Ieri, la camera ha approvato in seconda e definitiva lettura queste misure con 275 voti a favore, 80 contrari e 32 astenuti, senza modificare ulteriormente il testo gli emendamenti inseriti a metà settembre dal senato (vedere ItaliaOggi del 15/9/2016).
Con la riforma promossa dal sottosegretario Luca Lotti si razionalizzano i fondi da assegnare e si semplificano le regole, ma adesso l’attenzione si sposta sui decreti attuativi (come sostenuto già ieri da Fnsi e Fieg) che la presidenza del consiglio dovrà emanare entro sei mesi per definire i parametri operativi della legge e l’effettiva dotazione di risorse a sostegno del comparto. Sul fronte dei budget, in particolare, restano da stimare i fondi a disposizione dall’extra gettito del canone Rai così come i contributi di solidarietà delle cosiddette concessionarie pubblicitarie. Secondo quanto risulta a ItaliaOggi, invece, tra risorse per l’editoria e quelle per l’emittenza locale, nel 2016, ci sono sul tavolo (almeno) 174 milioni. E l’intera disponibilità del nuovo Fondo resta tutta da stabilire.
Fondo per il pluralismo e l’innovazione dell’informazione. Il governo dovrà delineare nuovamente con decreto attuativo la platea dei beneficiari dei contributi pubblici diretti. Per esempio tra le cooperative giornalistiche, le tv locali, gli enti senza fini di lucro, le testate pubblicate all’estero ma con l’esclusione dei giornali di partito e dei periodici specialistici per esempio. I giornali destinatari di aiuti dovranno avere, comunque, un’edizione digitale. Gli aiuti saranno erogati in base alle copie effettivamente vendute (e non più in base alle tirature), con un tetto massimo liquidabile e differenziando testate nazionali e locali. Incentivi sono previsti sia per chi assume a tempo indeterminato lavoratori sotto i 35 anni di età sia per chi copre spese per la digitalizzazione.
Edicole. Vengono liberalizzate introducendo progressivamente orari flessibili di apertura, un assortimento diversificabile della merce (non solo quotidiani e periodici) e dei servizi offerti e ancora avviando l’informatizzazione dei punti vendita.
Stipendi Rai (e non solo). Il limite di 240 mila euro si applica agli amministratori, ai dipendenti e ai consulenti del soggetto affidatario della concessione del servizio pubblico radiofonico, televisivo e multimediale. La riforma prevede anche una riduzione delle risorse assegnate dal Fondo per il pluralismo alle imprese che versano stipendi oltre i 240 mila euro.

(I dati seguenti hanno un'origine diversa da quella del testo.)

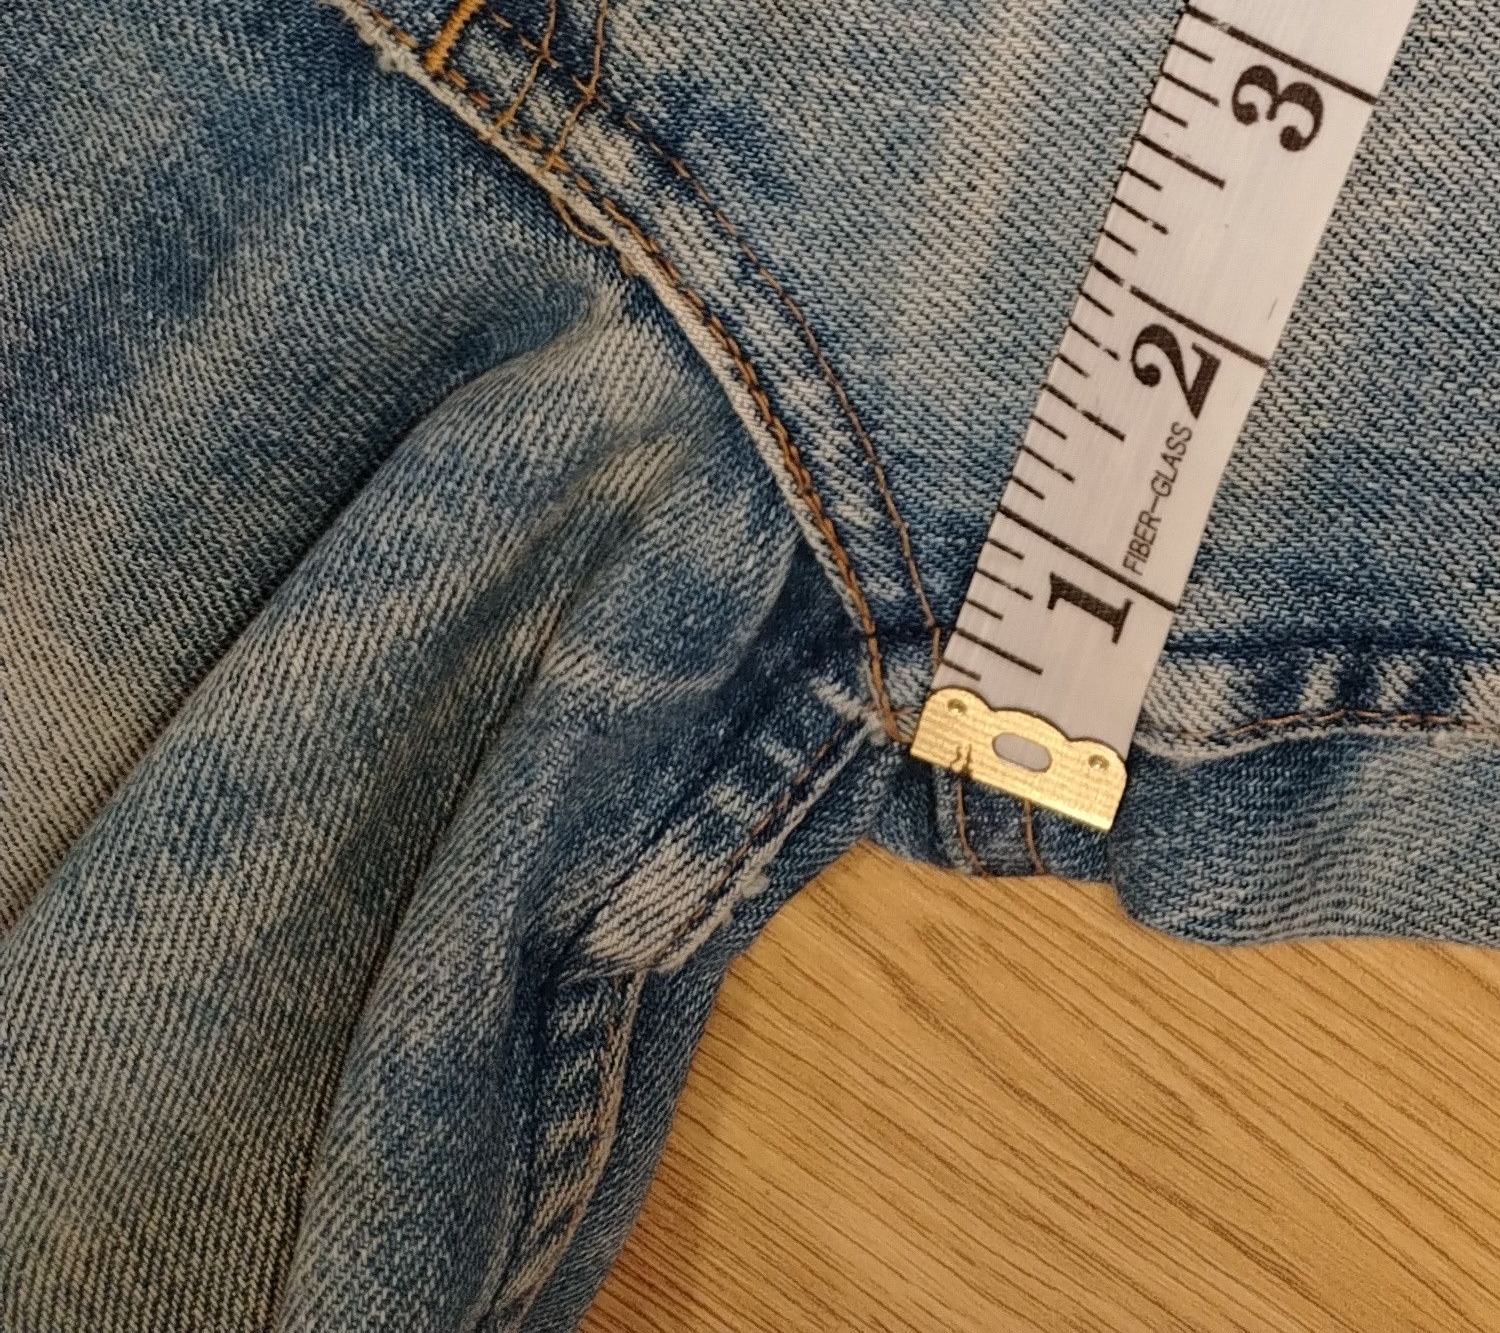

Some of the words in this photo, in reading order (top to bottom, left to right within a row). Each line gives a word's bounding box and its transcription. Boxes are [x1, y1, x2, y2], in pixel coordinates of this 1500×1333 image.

[1231, 64, 1325, 153] 3
[1130, 323, 1221, 418] 2
[1047, 572, 1132, 645] 1

Pubblicità. Sono previste agevolazioni fiscali per gli investimenti incrementali su quotidiani e periodici, oltre che sulle emittenti televisive e radiofoniche locali, con una particolare attenzione agli inserzionisti di piccole-medie dimensioni e delle start-up.
Prepensionamenti e stati di crisi. Per equiparare il trattamento dei giornalisti a quello generale, vengono aumentati i requisiti di anzianità anagrafica e contributiva per l’accesso ai trattamenti di pensione di vecchiaia anticipata. Al governo spetterà determinare le nuove regole per gli stati di crisi delle società che vogliano accedere ad ammortizzatori sociali e agli stessi prepensionamenti.

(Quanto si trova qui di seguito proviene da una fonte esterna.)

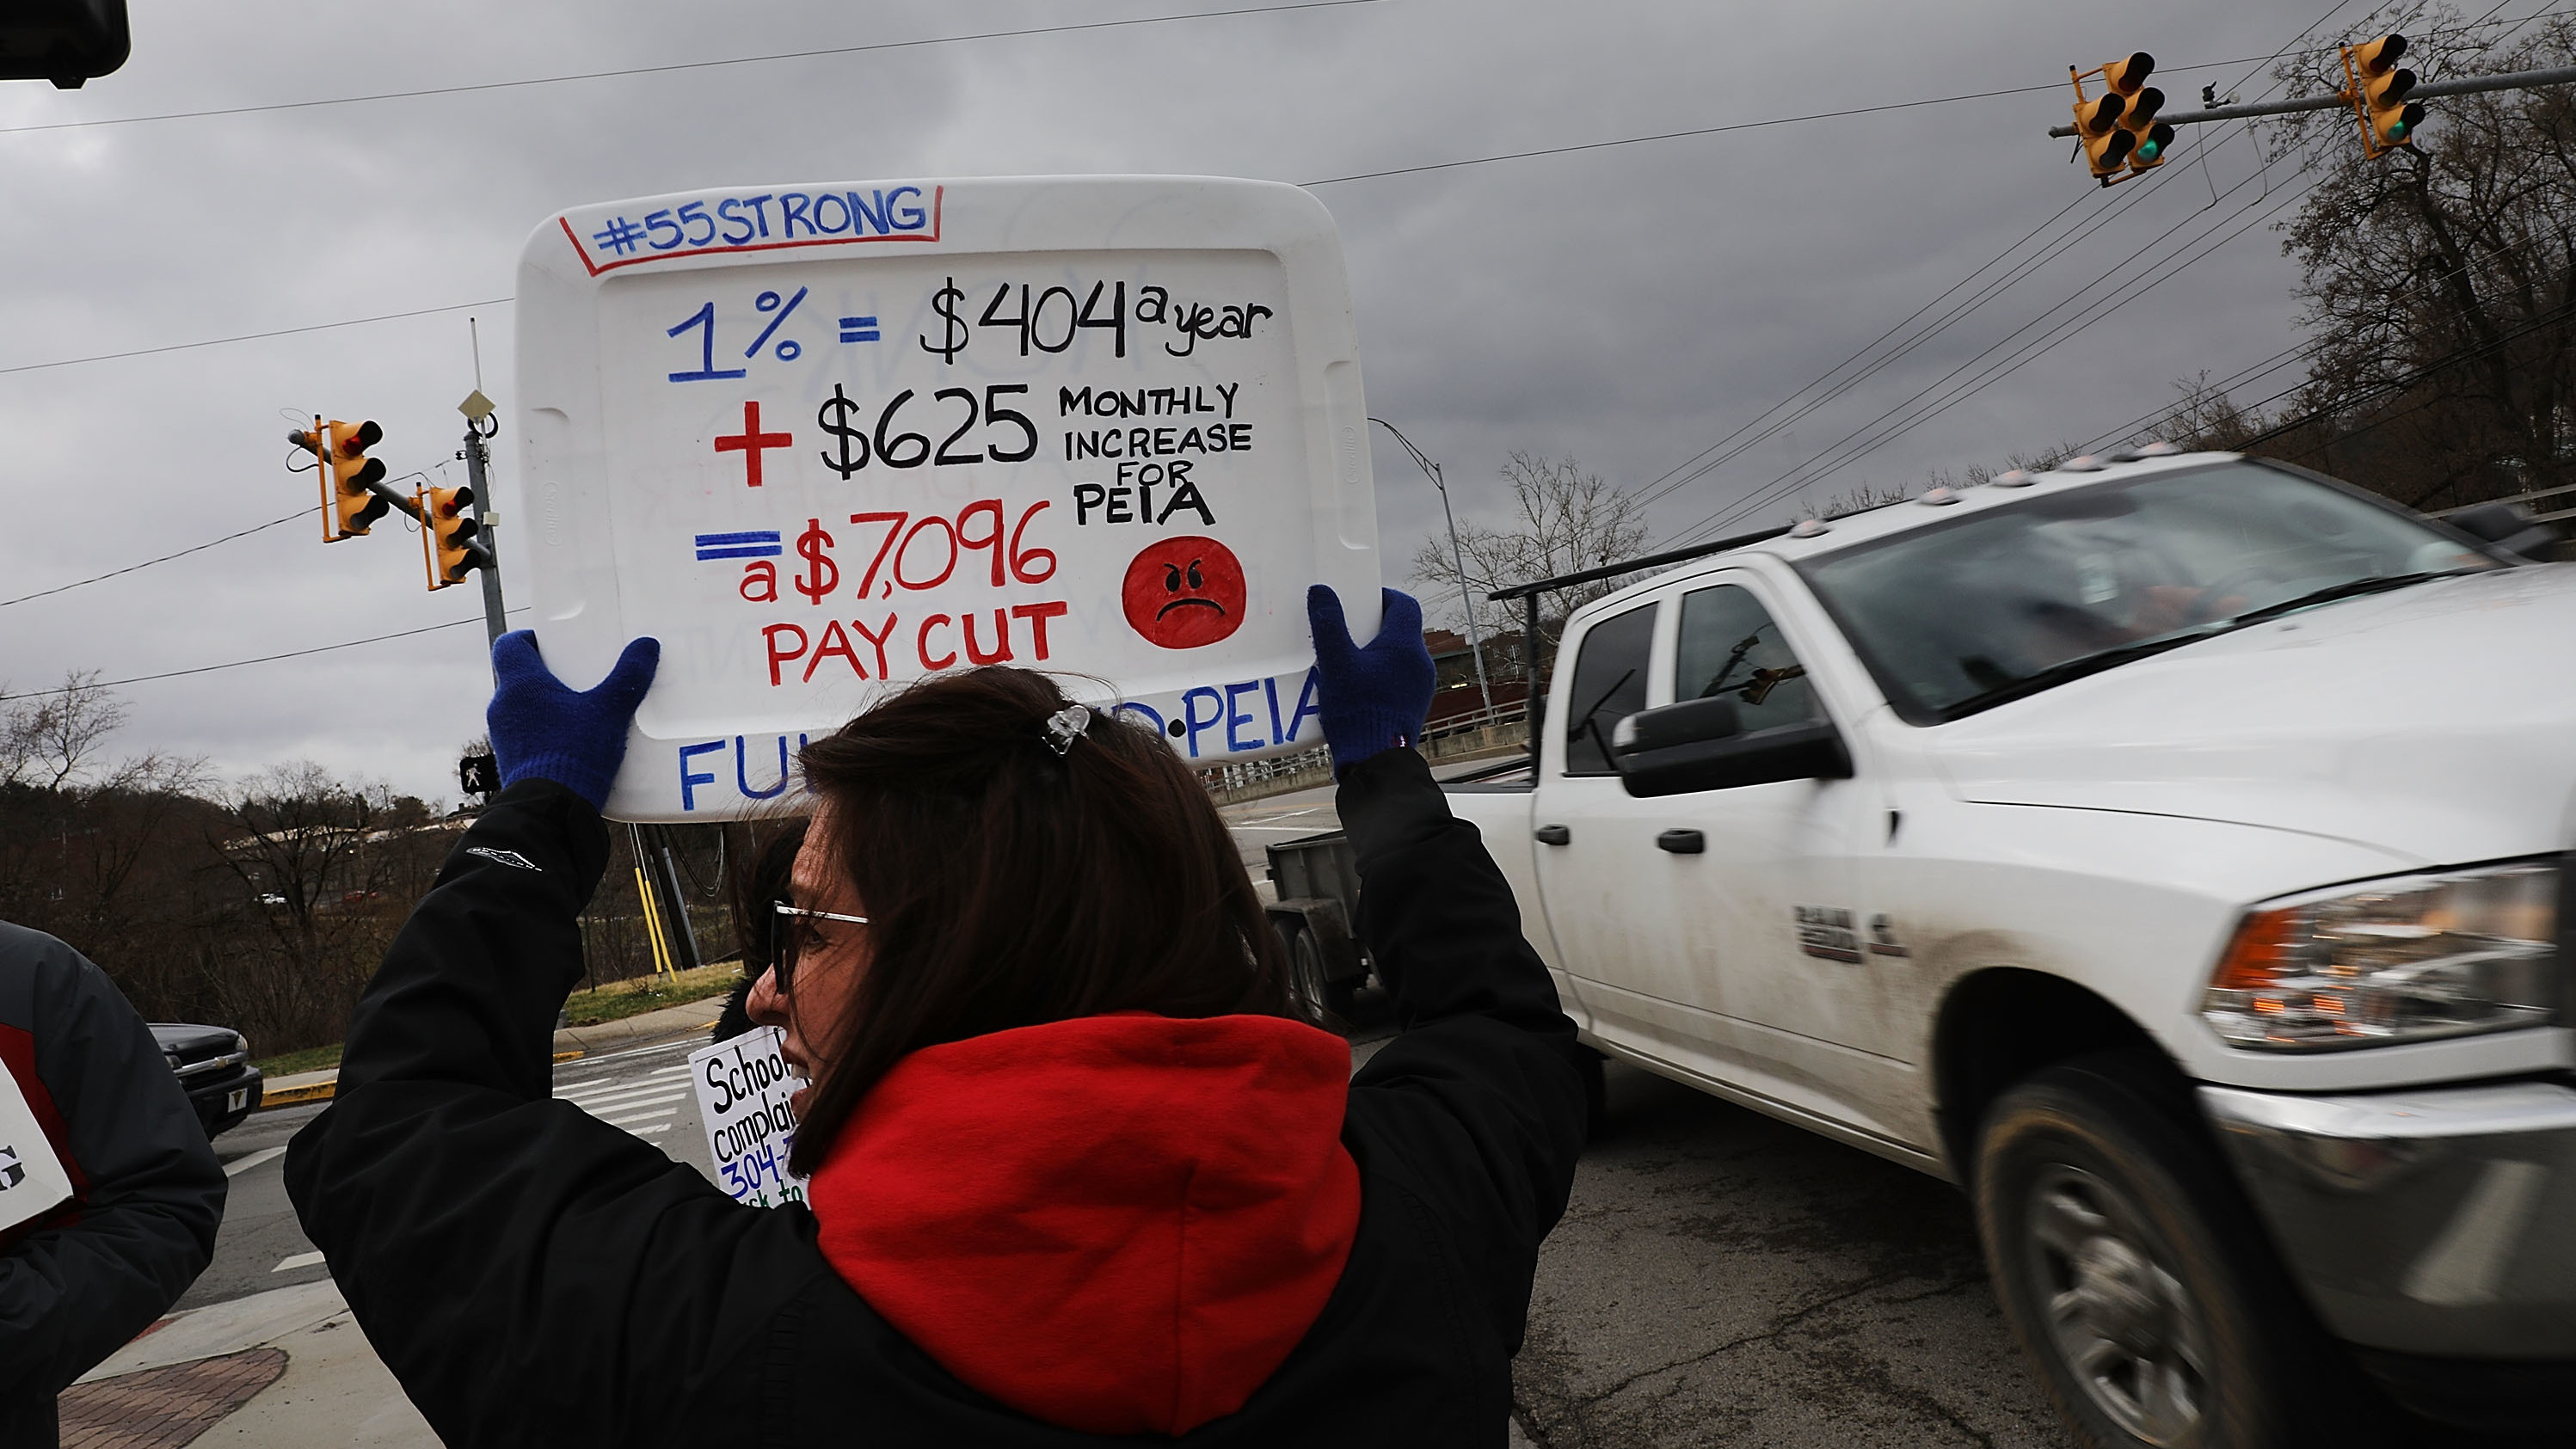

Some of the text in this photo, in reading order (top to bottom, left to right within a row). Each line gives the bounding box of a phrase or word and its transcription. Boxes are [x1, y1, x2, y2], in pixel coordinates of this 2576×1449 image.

[593, 186, 927, 256] #55STRONG
[667, 286, 808, 384] 1%
[919, 276, 1126, 365] $404
[1135, 285, 1169, 325] a
[1165, 299, 1274, 357] year
[818, 383, 1038, 482] $625
[1059, 382, 1239, 419] MONTHLY
[1065, 423, 1253, 461] INCREASE
[1116, 459, 1194, 488] FOR
[1073, 481, 1216, 526] PEIA
[739, 560, 778, 603] a
[794, 498, 1058, 605] $7,096
[761, 600, 1068, 687] PAY CUT
[714, 1091, 796, 1163] complai
[721, 1135, 795, 1199] 304-
[778, 1179, 803, 1204] to

Servizio pubblico. La concessione del servizio pubblico radiofonico, televisivo e multimediale avrà durata decennale e sarà preceduta da una consultazione pubblica sugli obblighi che comporta il servizio. Sarà affidata con decreto della presidenza del consiglio su proposta del ministero dello sviluppo economico con quello dell’economia.